Comparison of surface modification and corrosion resistance of Ti6Al4V alloy using matcha tea extract-based silver and copper oxide nanoparticles

Abstract

In this study, our aim was to investigate the application of green-synthesized silver nanoparticles (Ag NPs) and copper oxide nanoparticles (CuO NPs) for surface modification, specifically focusing on their influence on the corrosion properties of Ti6Al4V alloy. The green NPs were thoroughly characterized, and their role in enhancing the anticorrosive performance of Ti6Al4V was carefully evaluated. Various coating methods and drying temperatures were utilized to coat Ti6Al4V samples with the NPs, aiming to assess their impact on corrosion resistance. The electrochemical corrosion behavior was examined through electrochemical polarization tests in Ringer's bio-liquid. The study underscored the significant impact of coating type, coating method, and drying temperature (25 °C and 60 °C) in achieving favorable anticorrosive performance.

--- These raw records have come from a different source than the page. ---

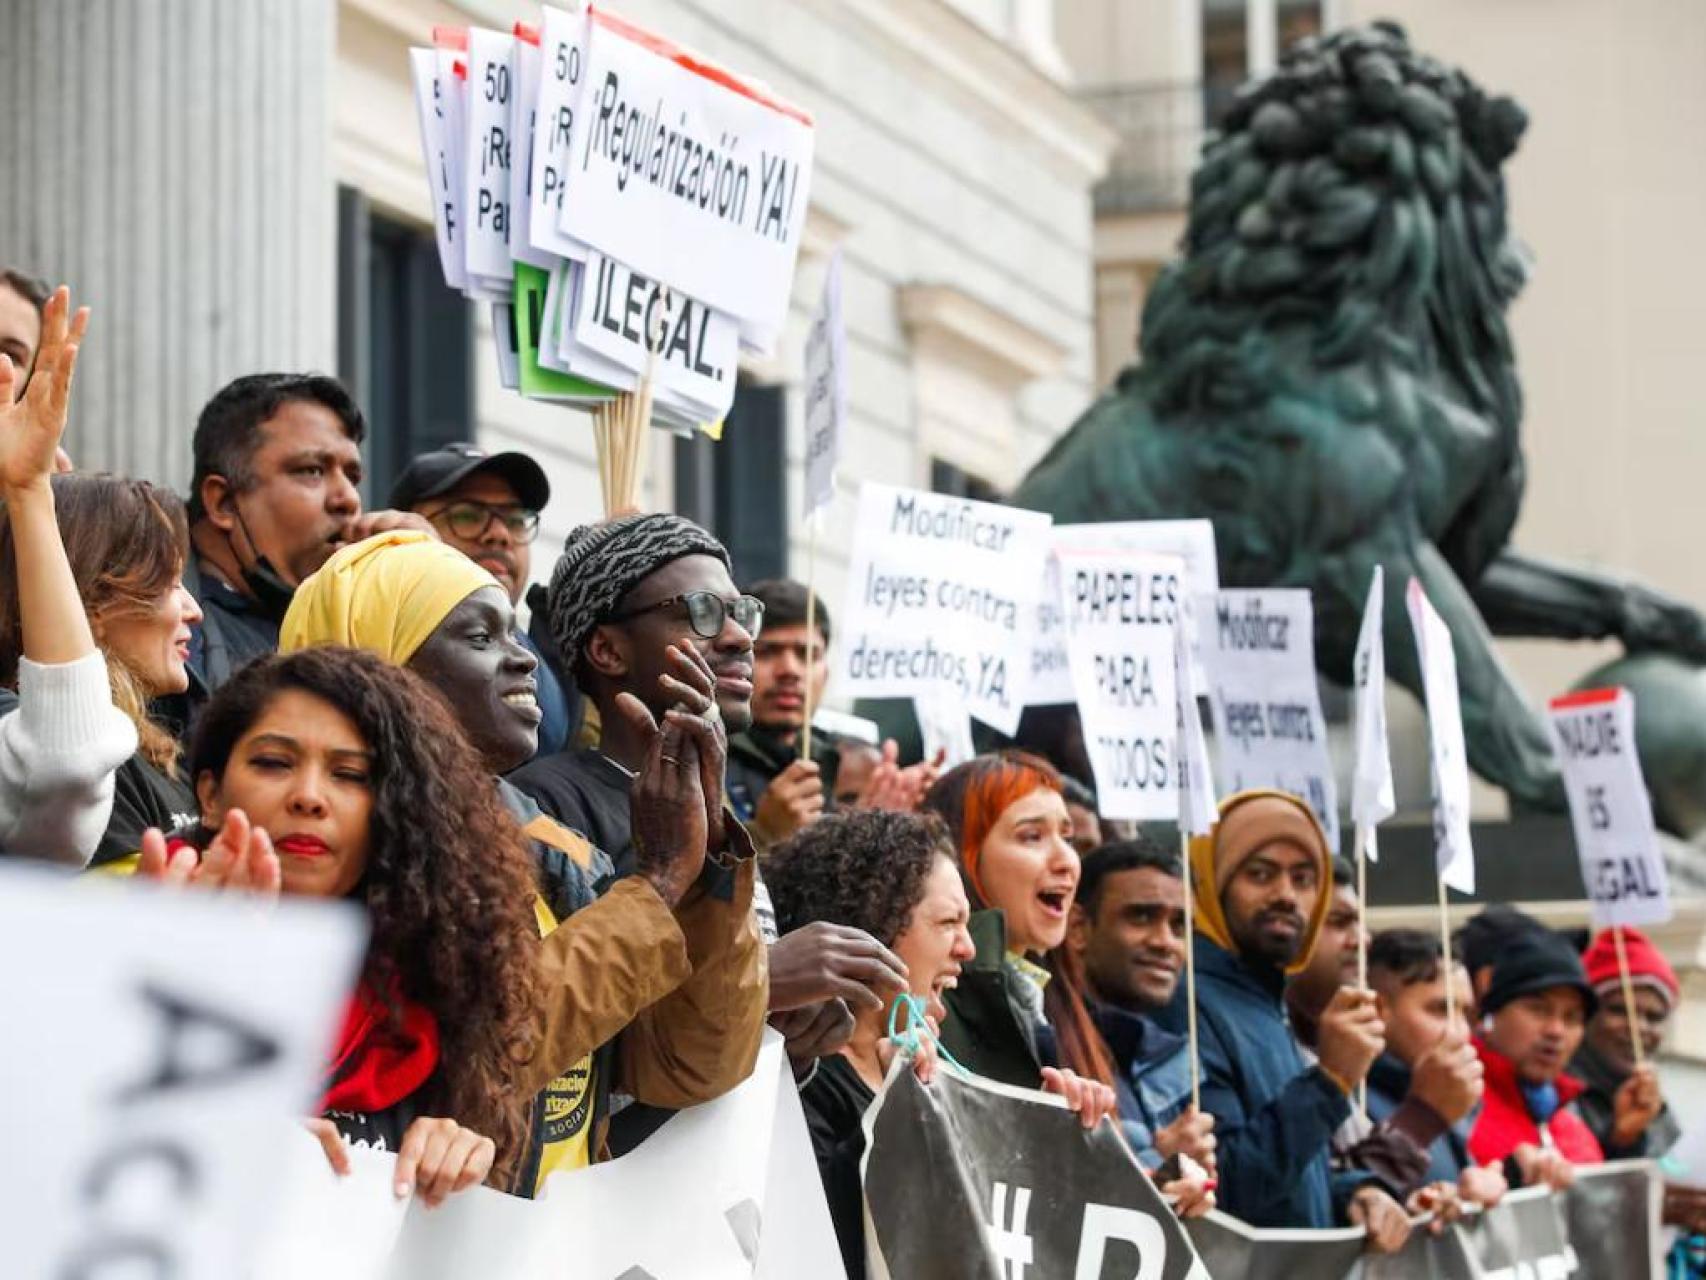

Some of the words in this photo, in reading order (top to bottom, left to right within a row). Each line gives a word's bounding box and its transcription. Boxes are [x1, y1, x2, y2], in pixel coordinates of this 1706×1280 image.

[485, 62, 511, 104] 50
[556, 42, 580, 85] 50
[583, 71, 750, 225] ¡Regularización
[756, 151, 799, 243] YA!
[892, 494, 1014, 552] Modificar
[865, 562, 929, 619] leyes
[936, 580, 1017, 632] contra

Notably, samples oven-dried at both temperatures and coated with Ag NPs and CuO NPs using spray coating demonstrated the most effective substrate protection, achieving protection efficiencies of 97.37 % and 90.56 %, respectively. This outcome can be attributed to the unique spherical and homogeneously dispersed particulate structure of the NPs, effectively reducing microporosity. In summary, the combination of increased surface area and reduced microporosity resulting from the surface properties of the NPs underscores the potential of well-designed surface modification approaches in advancing the development of titanium-based implants for biomedical applications.